The Declarer (Floyd McWilliams' Blog)

Tuesday, February 03, 2004


This has to be about the lamest post ever linked to by Instapundit: Jim Moore, a fellow at the Berkman Center at Harvard Law School, tells us that Howard Dean is doing just fine:


Lots of folks are punditing about the Howard Dean campaign—most working with few facts. So here are a couple of facts to mull over. You heard it first:

1. Through today, thousands of grassroots supporters continue restocking the Dean campaign with cash. As I reported here recently, in the 72 hours after New Hampshire more than 10,000 supporters contributed almost $70 each—for a total of $680,000 in three days. This shows the power of the large numbers of people that can easily touch the campaign through the web. I don’t know what will happen next, but I can say that numbers suggest that the grassroots can completely reload the campaign with cash if they want to.


Grassroots supporters can completely reload the Kucinich campaign with cash if they want to. It's a question of whether they will. Dean raised $40 million and blew through $35 million of it. At a rate of $700,000 every three days, the campaign will be "reloaded" by late June. I don't think Dean can wait that long.
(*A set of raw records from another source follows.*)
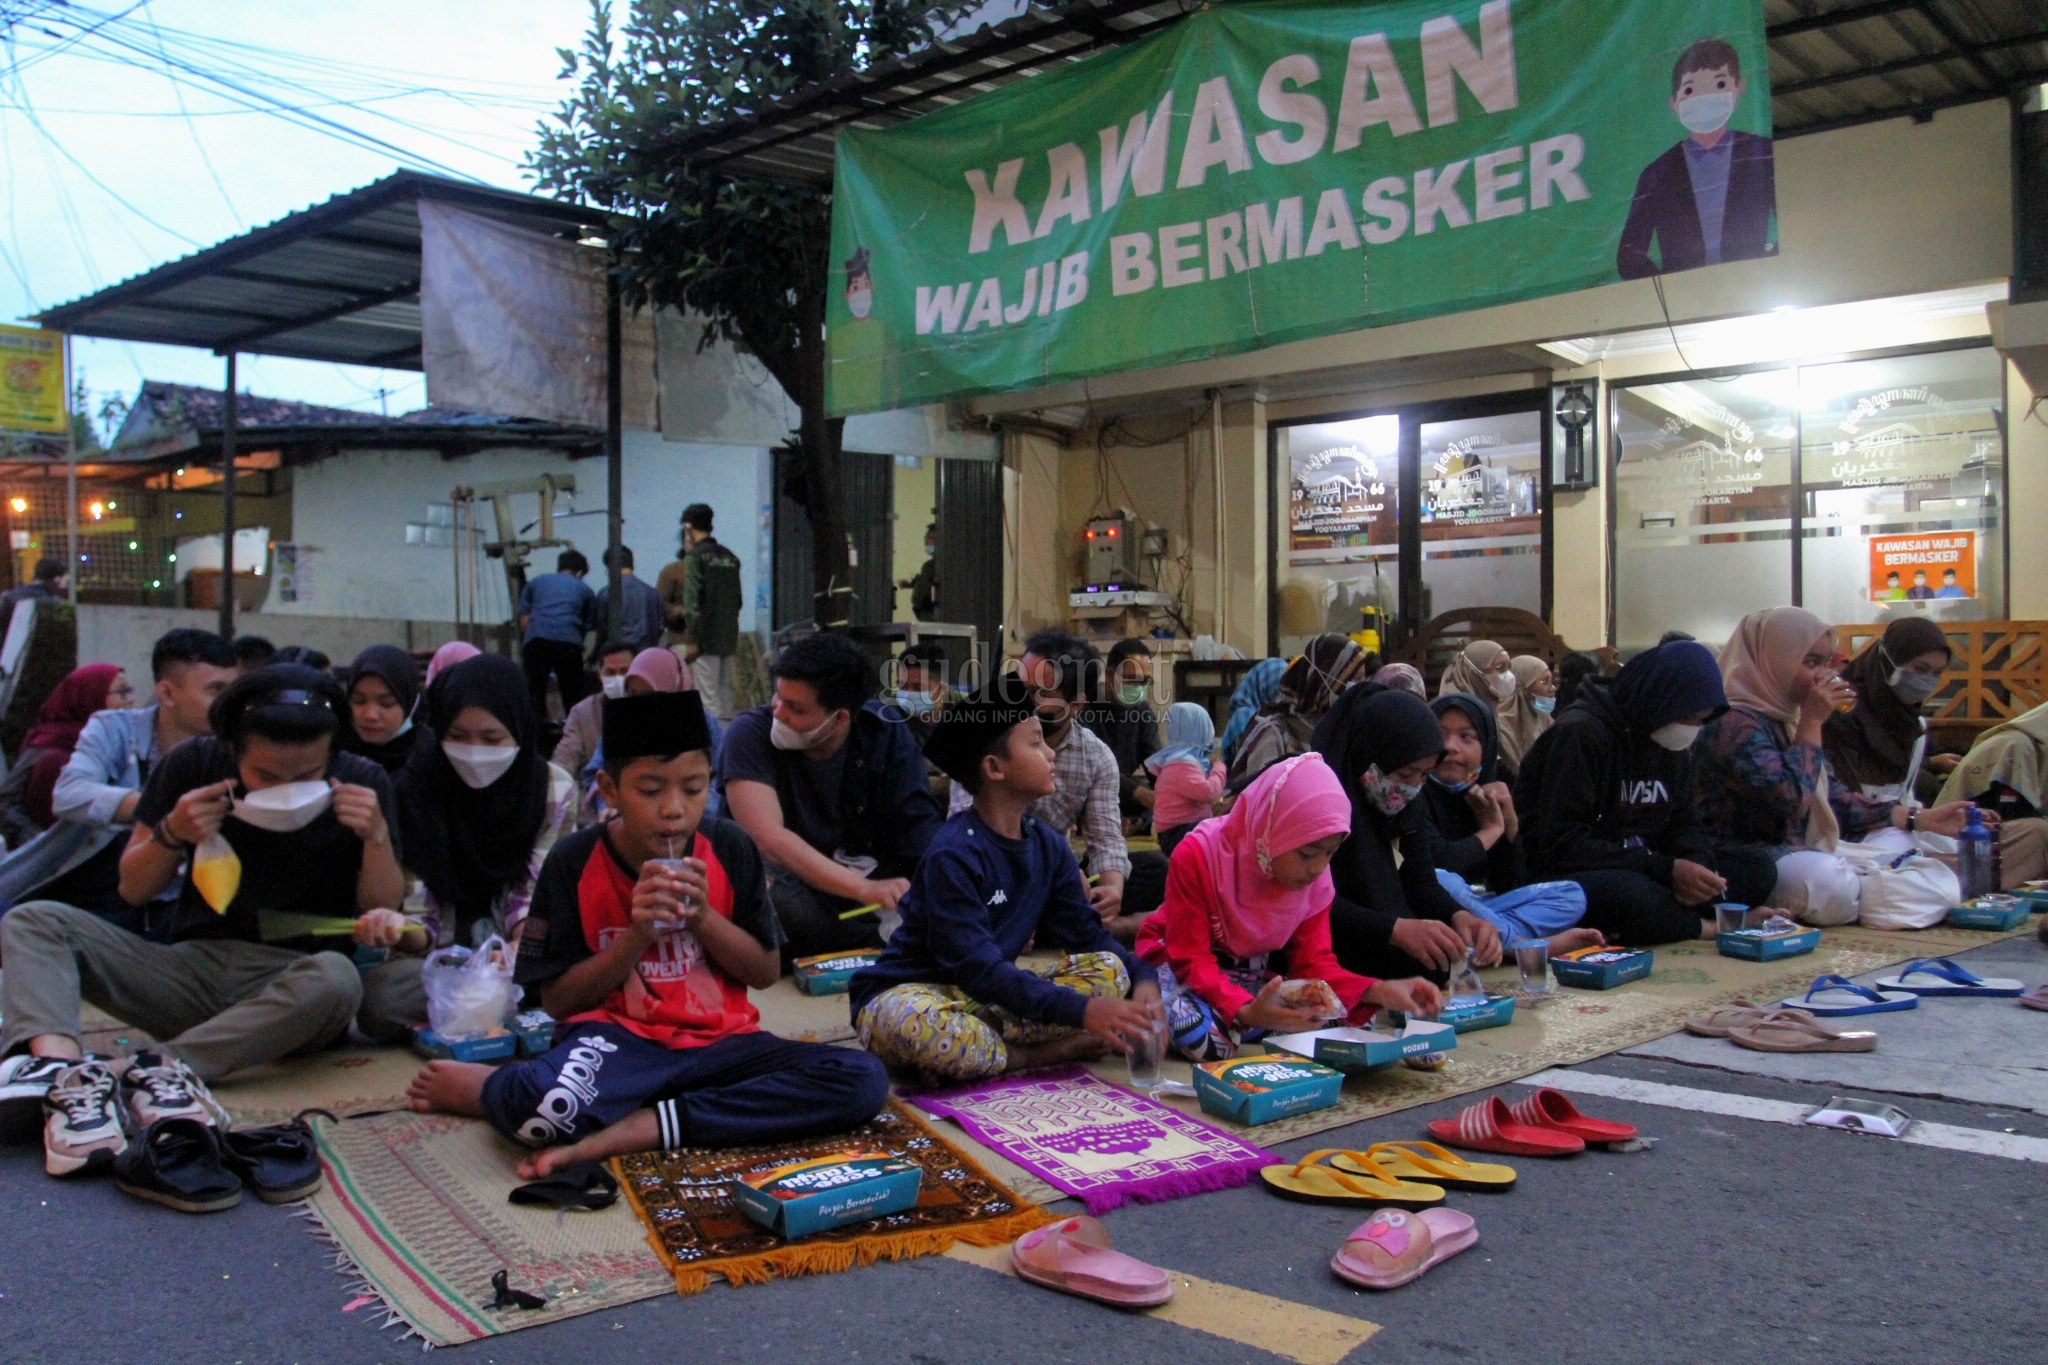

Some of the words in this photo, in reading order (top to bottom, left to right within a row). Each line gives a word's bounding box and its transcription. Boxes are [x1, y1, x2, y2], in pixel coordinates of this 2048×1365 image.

[964, 1, 1520, 254] KAWASAN
[915, 250, 1090, 335] WAJIB
[1109, 132, 1593, 297] BERMASKER
[1744, 448, 1764, 462] 66
[1428, 480, 1441, 492] 19
[1843, 477, 1880, 487] MASJID
[1291, 490, 1304, 501] 19
[1370, 482, 1385, 495] 66
[1436, 510, 1465, 519] MASJID
[1454, 517, 1504, 526] YOGYAKARTA
[1875, 540, 1930, 553] KAWASAN
[1932, 537, 1968, 550] WAJIB
[1884, 550, 1959, 566] BERMASKER
[1621, 780, 1669, 804] NASA
[1402, 1041, 1429, 1053] BERDOA
[1263, 1069, 1313, 1082] Sego
[517, 1046, 604, 1142] adida
[813, 1167, 883, 1189] Sego
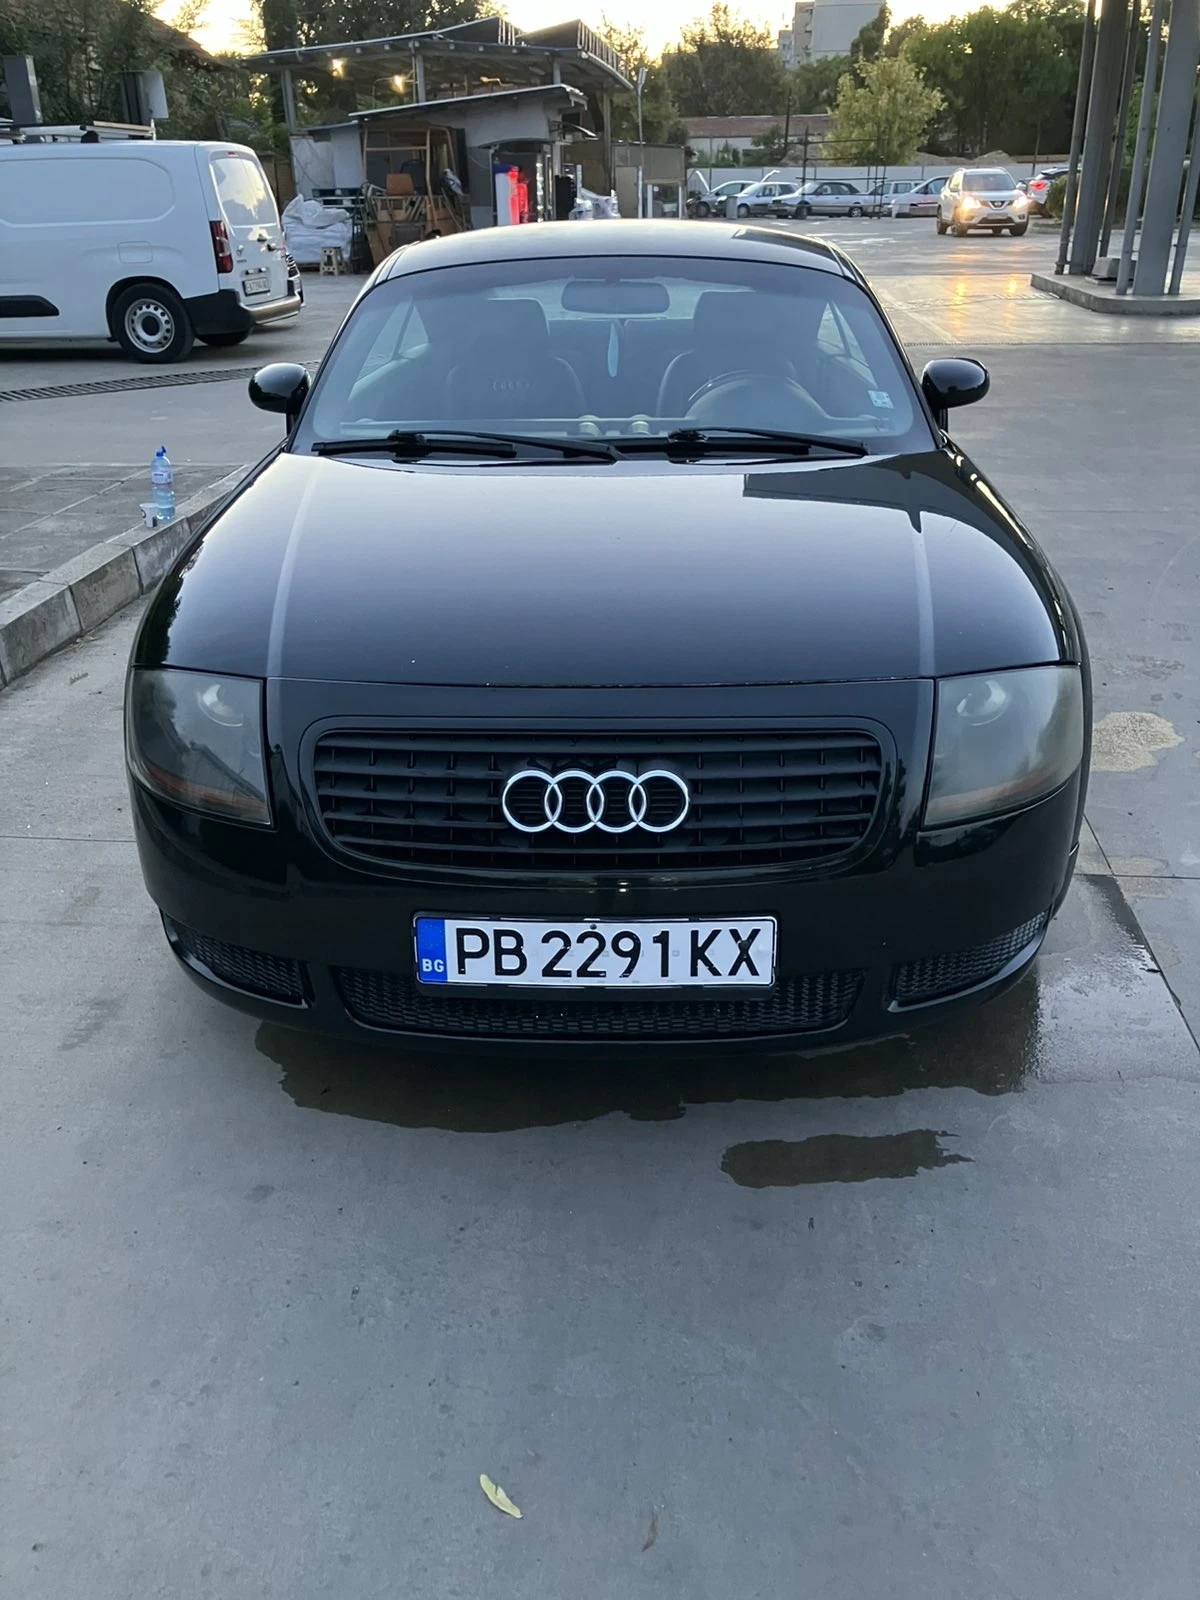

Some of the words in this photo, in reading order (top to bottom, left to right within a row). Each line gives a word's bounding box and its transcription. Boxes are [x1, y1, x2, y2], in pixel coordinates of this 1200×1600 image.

[422, 958, 445, 973] BG
[456, 927, 528, 976] PB
[540, 929, 670, 978] 2291
[690, 928, 761, 977] KX
2. We all know that where an organization gets its funding has a powerful effect on its priorities—even if the members think otherwise. So I find the following intriguing, given the centrality of grassroots funding in this current period: Probably the most influential person in the campaign right now is Zephyr, our grassroots evangelist. She is organizing all sorts of initiatives and creating momentum. In addition, word has it that Karen Hicks, the community organizer extraordinaire who led our New Hampshire grassroots campaign, and who worked with Marshall Ganz and others to create the house meeting model, is taking on a new and central role in the national campaign.


Let's unspin this: Campaign manager Joe Trippi got pink-slipped, so other members of the campaign have to take on additional duties. And is it really breaking news that senior staffers of the Dean campaign are working on, well, the Dean campaign? I'm reminded of my days as an intern at the Finger Lakes Times, when I would enter this sort of local news into the computer system: "Mrs. Alice Brown has been elected Sunshine Committee Chair of the Seneca Falls Women's Club."

Update: I read a little more of Moore's blog, and I actually feel sorry for him: He's gone way off the deep end. He has recurring fantasies of raising outrageous amounts of money:


In the new Internet-enabled political world, the Dean campaign is capable of raising another $50 million dollars or more.

A million people giving $50 each will do it.



If DeanforAmerica continues to focus on ways to improve democracy in America, the community could raise a billion dollars for Dean. 1 million people times a thousand dollars each.


Dean actually manages to raise a few hundred thou, and Moore treats this event with religious reverence. Literally:


Mindblowing event happening in realtime now: DeanforAmerica has raised $438.000 by about 4:00 PM today--with another update coming momentarily. The rate of contributing is off the charts. This is DFA's second largest single day of fundraising in the entire campaign--and may pass the single day record.

Wow, reflect on that. Implications?

Giving is the sacrament that brings the Dean community together.